■ **Action item**:
Your answer must be an exact copy of the listing, with the images left out.

■ **Records for the exercise**:
────────────────────────────────────────
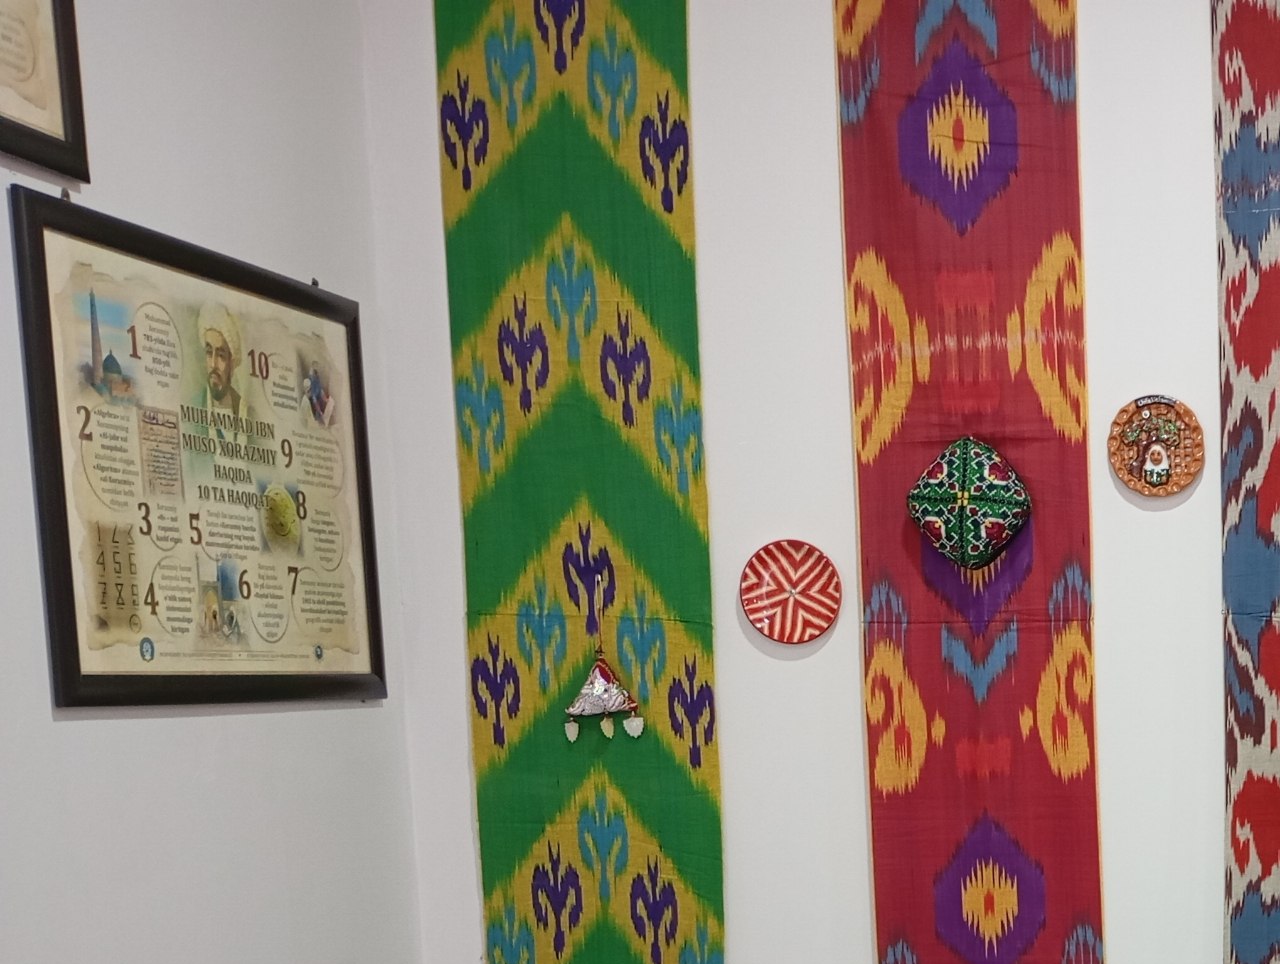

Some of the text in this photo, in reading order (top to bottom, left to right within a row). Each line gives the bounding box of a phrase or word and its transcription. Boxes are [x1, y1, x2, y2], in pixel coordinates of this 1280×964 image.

[127, 325, 142, 360] 1
[247, 349, 269, 380] 10
[76, 405, 93, 441] 2
[180, 404, 275, 440] MUHAMMAD IBN
[182, 433, 278, 466] MUSO XORAZMIY
[281, 438, 293, 469] 9
[213, 464, 253, 485] HAQIDA
[198, 485, 271, 510] 10 TA HAQIQAT
[296, 490, 307, 520] 8
[138, 502, 152, 536] 3
[189, 512, 202, 545] 5
[239, 569, 251, 600] 6
[287, 566, 298, 595] 7
[144, 582, 159, 615] 4
────────────────────────────────────────
■ **Answer box**:
Some of the text in this photo, in reading order (top to bottom, left to right within a row). Each line gives the bounding box of a phrase or word and its transcription. Boxes are [x1, y1, x2, y2], in pixel coordinates of this 1280×964 image.

[127, 325, 142, 360] 1
[247, 349, 269, 380] 10
[76, 405, 93, 441] 2
[180, 404, 275, 440] MUHAMMAD IBN
[182, 433, 278, 466] MUSO XORAZMIY
[281, 438, 293, 469] 9
[213, 464, 253, 485] HAQIDA
[198, 485, 271, 510] 10 TA HAQIQAT
[296, 490, 307, 520] 8
[138, 502, 152, 536] 3
[189, 512, 202, 545] 5
[239, 569, 251, 600] 6
[287, 566, 298, 595] 7
[144, 582, 159, 615] 4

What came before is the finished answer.